In the illustrated construction, the sensor housing 108 and the flange 120 are combined in a monolithic construction. In other words, the sensor housing 108 and the flange 120 are formed as a single piece (e.g., a monolithic sensor housing). As such, the flange 120 is constructed of the same polymer as the sensor housing 108. In other constructions, the sensor housing 108 and the flange 120 are formed as separate pieces and are joined tother in a post-manufacturing process (e.g., ultrasonic welding, threaded connection, etc.). In some constructions, the sensor housing 108 and the flange 120 may be formed out of different materials in the instance that the sensor housing 108 and the flange 120 are made from separate pieces.

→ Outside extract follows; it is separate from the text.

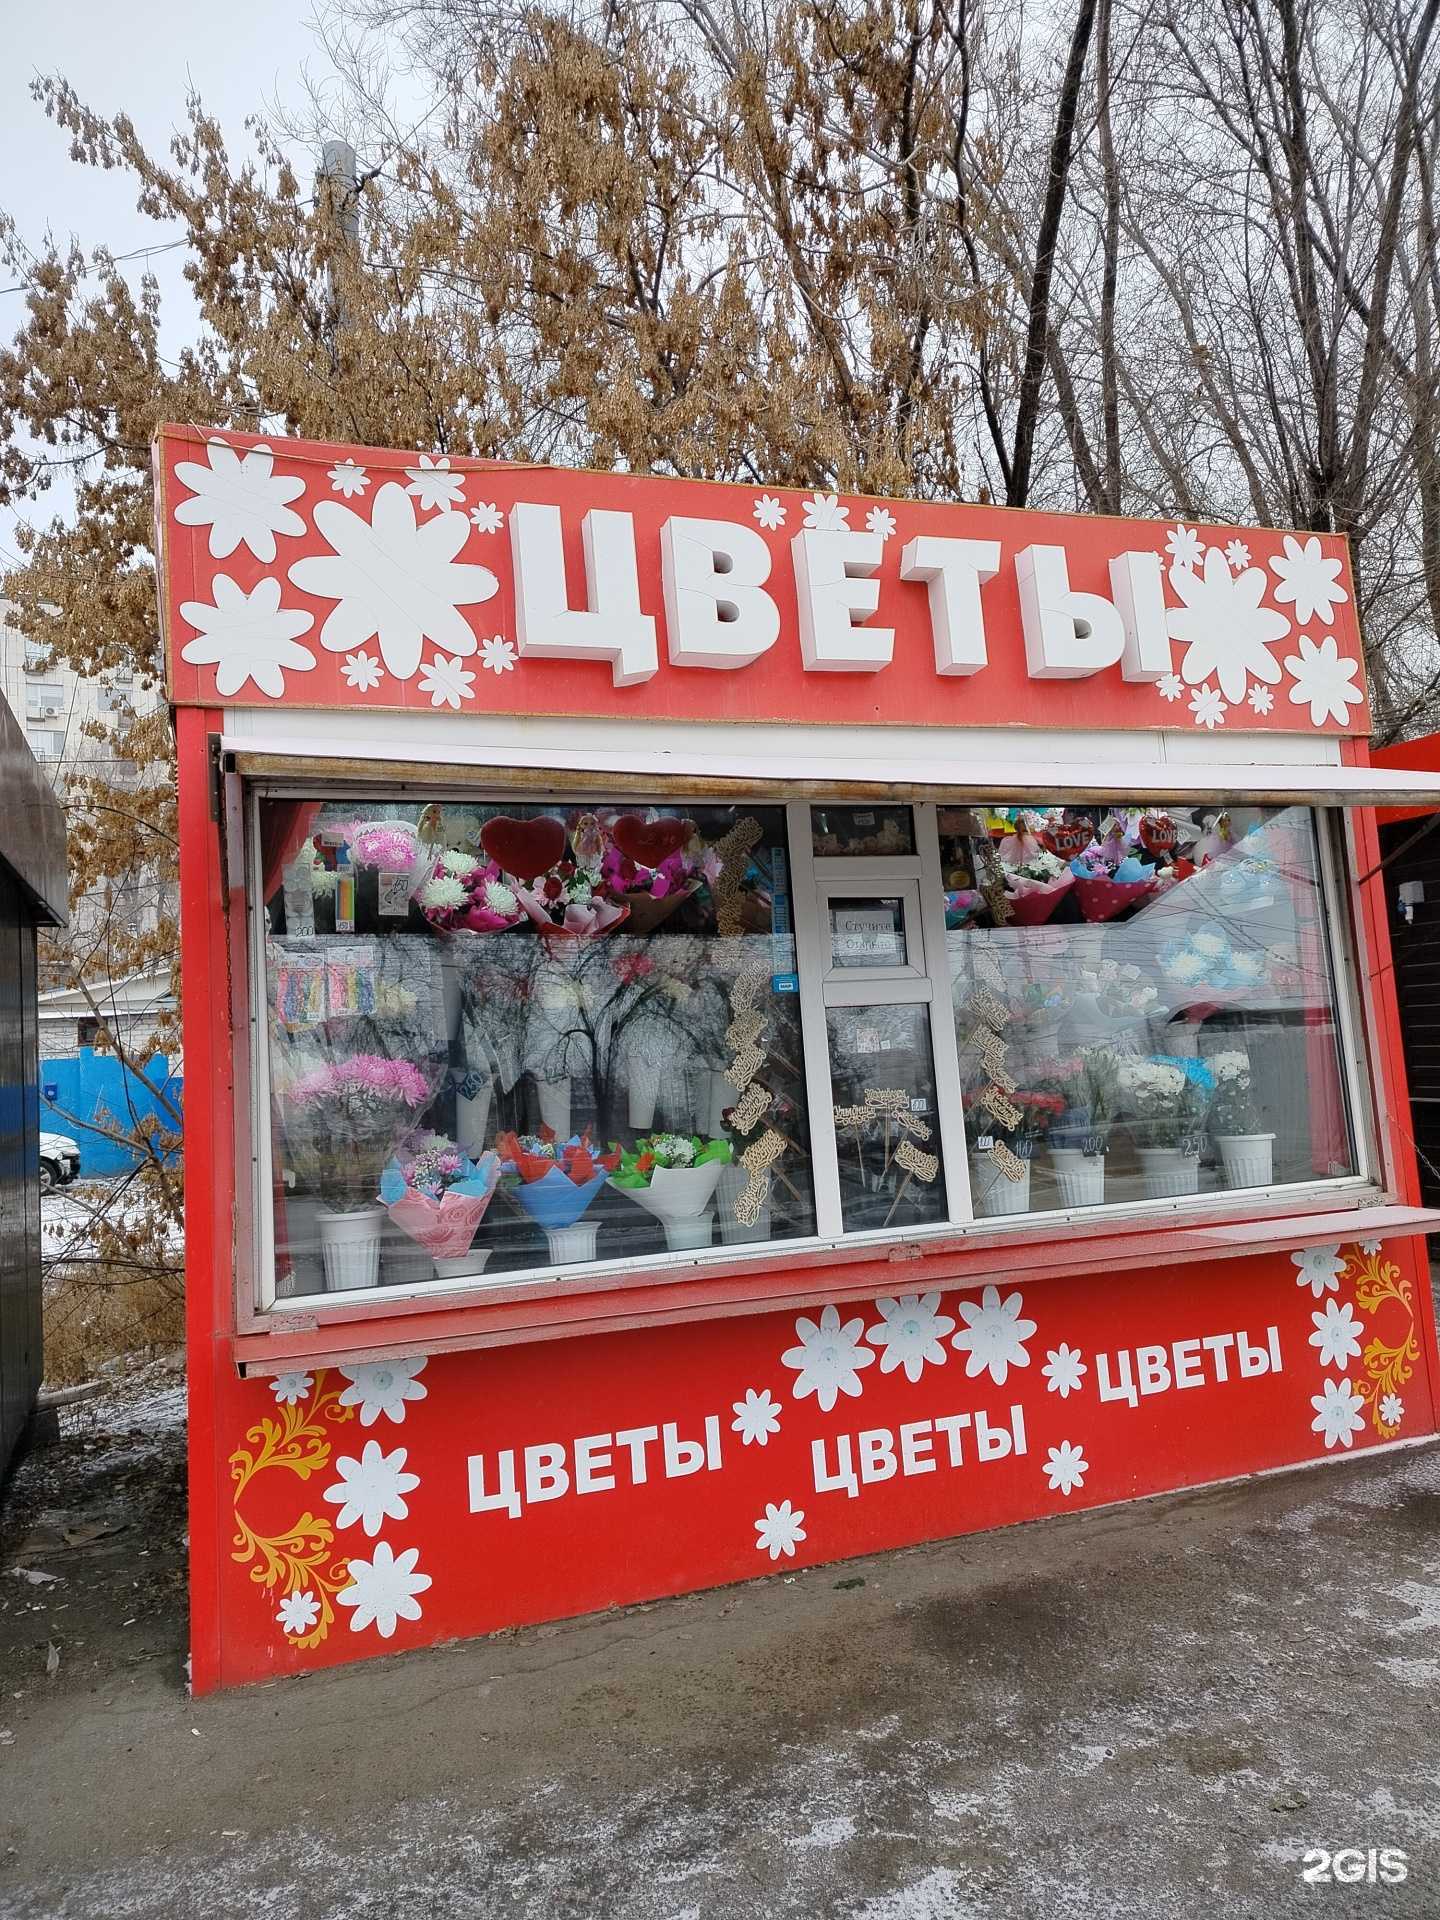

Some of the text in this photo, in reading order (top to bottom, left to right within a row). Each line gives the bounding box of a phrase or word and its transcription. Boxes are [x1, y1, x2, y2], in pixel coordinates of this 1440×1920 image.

FIG. 2 illustrates the wheel speed sensor assembly 104 including the press-in fastener 132. In the illustrated construction, the press-in fastener 132 comprises a plastic clip 136 and a metallic insert 140. The press-in fastener 132 is a blind hole mount. In some constructions, the press-in fastener 132 can be similar to or the same as fasteners commercially available from HellermannTyton, Milwaukee, WI. The press-in fastener 132 includes a first end 144 and a second end 148. The first end 144 receives the metallic insert 140 and the second end 148 includes a head 152. In the illustrated construction, the head 152 includes a tool engagement feature such as wrench flats 156. In other constructions, the head 152 includes a screw drive (e.g., Phillips, Torx, etc) configured to receive a screwdriver tool or bit. The press-in fastener 132 includes a shoulder 160 disposed between the first and the second ends 144, 148. The shoulder 160 is configured to engage the flange 120 and delimits the wrench flats 156.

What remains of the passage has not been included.